[Source data]
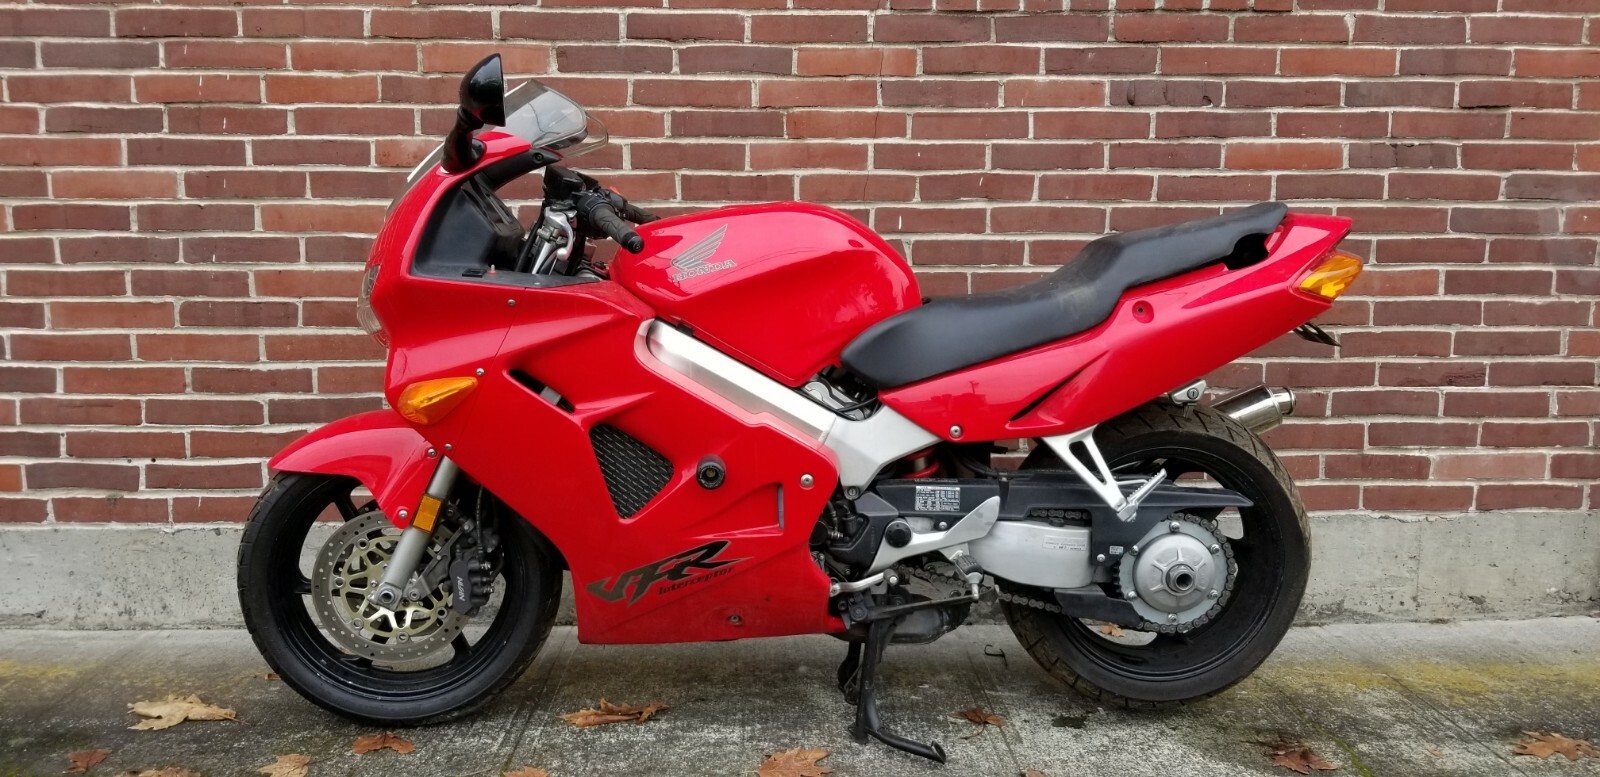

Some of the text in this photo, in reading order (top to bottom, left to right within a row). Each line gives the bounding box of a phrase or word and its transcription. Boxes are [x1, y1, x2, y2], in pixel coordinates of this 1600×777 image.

[672, 260, 737, 282] HONDA
[586, 540, 752, 608] VFR
[658, 567, 734, 596] Interceptor
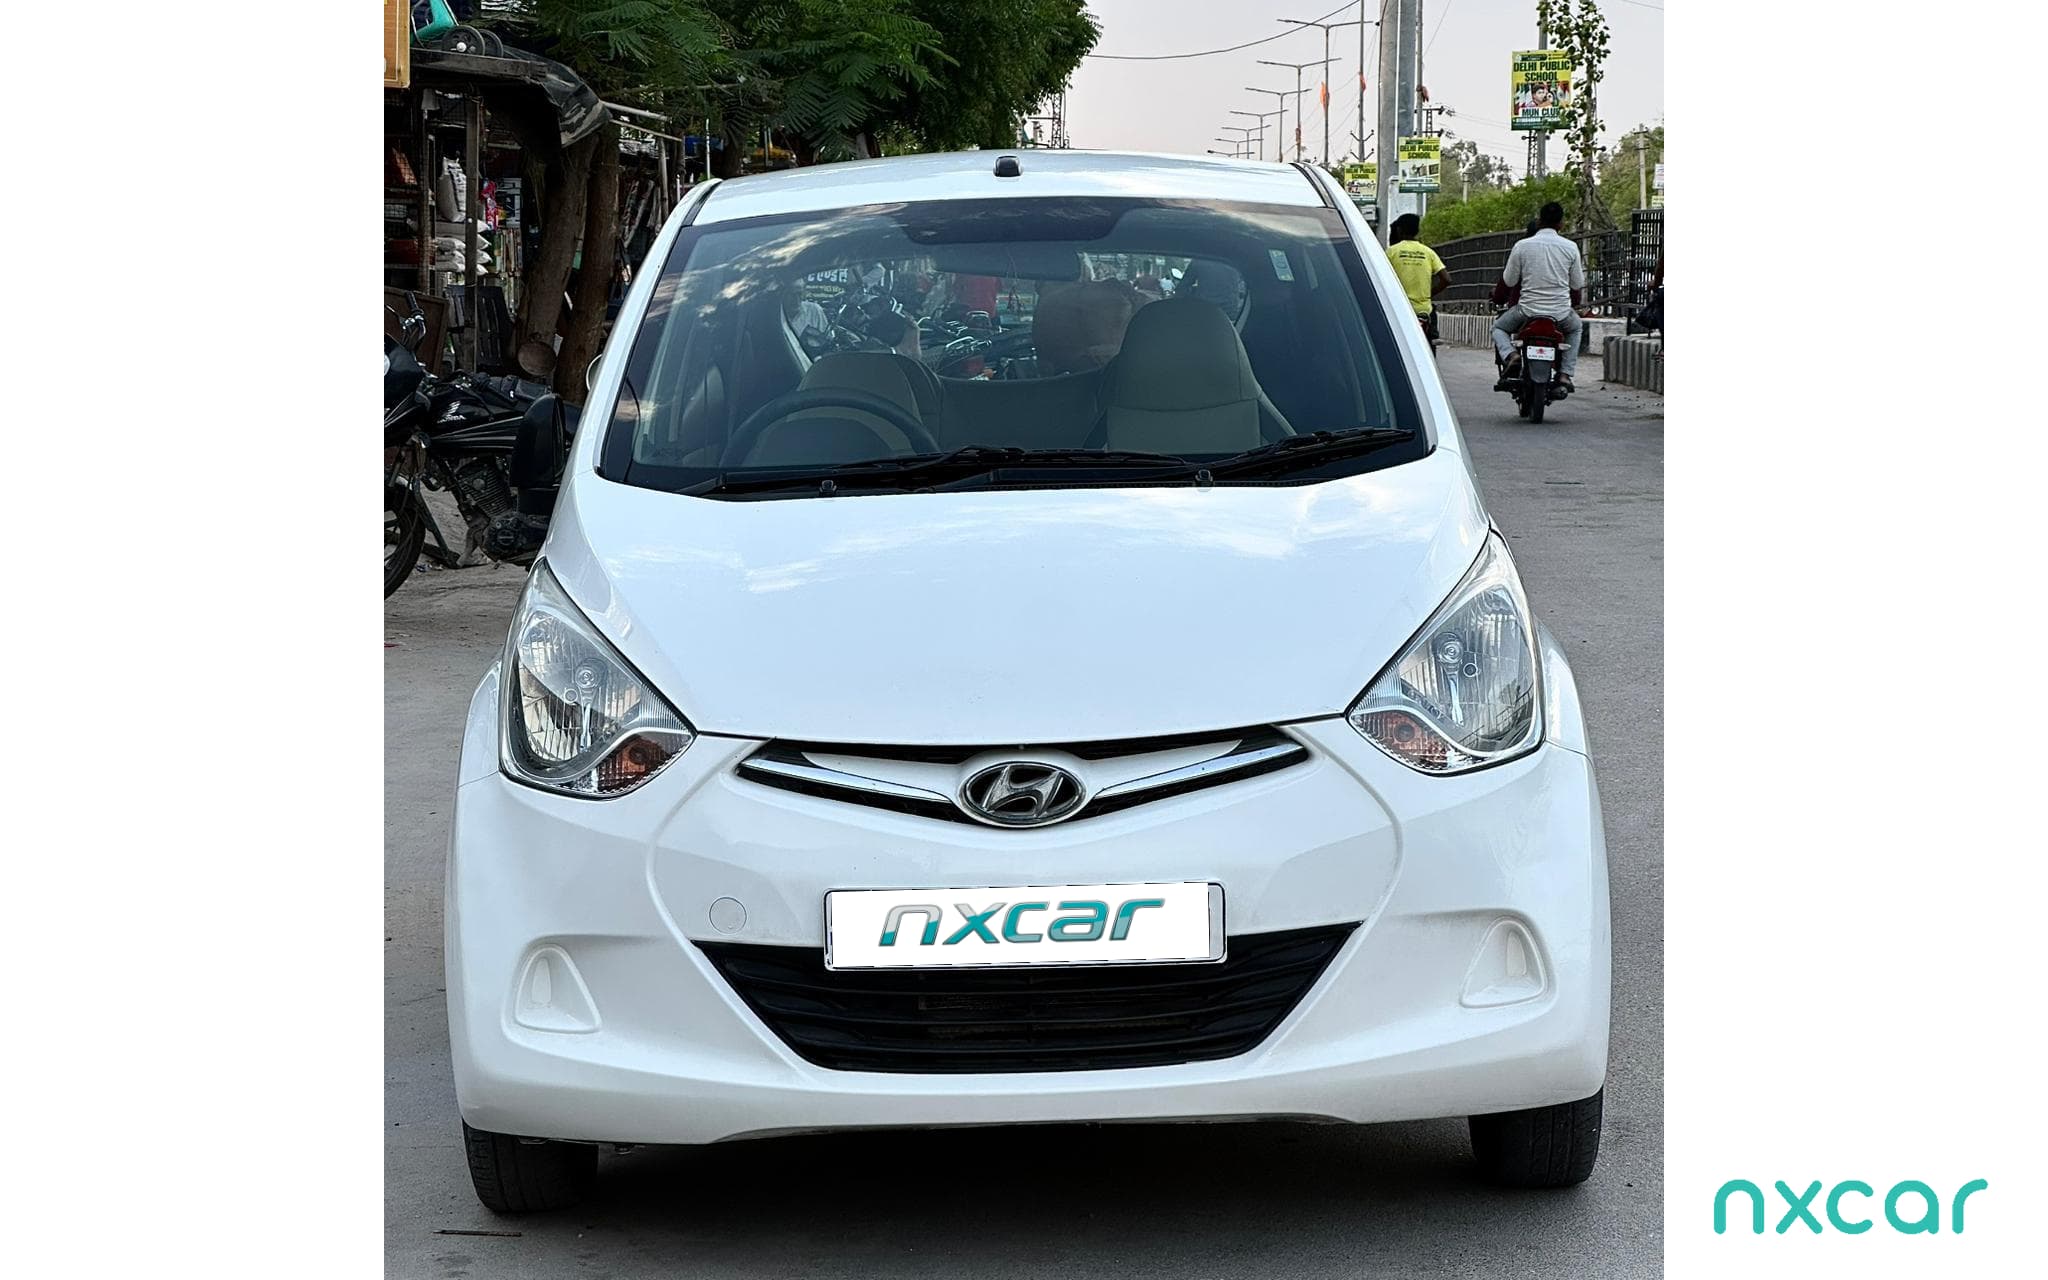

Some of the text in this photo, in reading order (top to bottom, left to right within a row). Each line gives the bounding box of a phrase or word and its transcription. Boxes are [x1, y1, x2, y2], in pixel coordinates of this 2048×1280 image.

[1513, 60, 1570, 72] DELHI PUBLIC
[1524, 71, 1558, 82] SCHOOL

▸ PROMPT:
Every entry above needs to be copied exactly, and no pictures go with it.

▸ ANSWER BELOW:
Some of the text in this photo, in reading order (top to bottom, left to right within a row). Each line gives the bounding box of a phrase or word and its transcription. Boxes are [x1, y1, x2, y2], in pixel coordinates of this 1600×777 image.

[672, 260, 737, 282] HONDA
[586, 540, 752, 608] VFR
[658, 567, 734, 596] Interceptor

Some of the text in this photo, in reading order (top to bottom, left to right within a row). Each line gives the bounding box of a phrase or word and its transcription. Boxes are [x1, y1, x2, y2], in pixel coordinates of this 2048×1280 image.

[1513, 60, 1570, 72] DELHI PUBLIC
[1524, 71, 1558, 82] SCHOOL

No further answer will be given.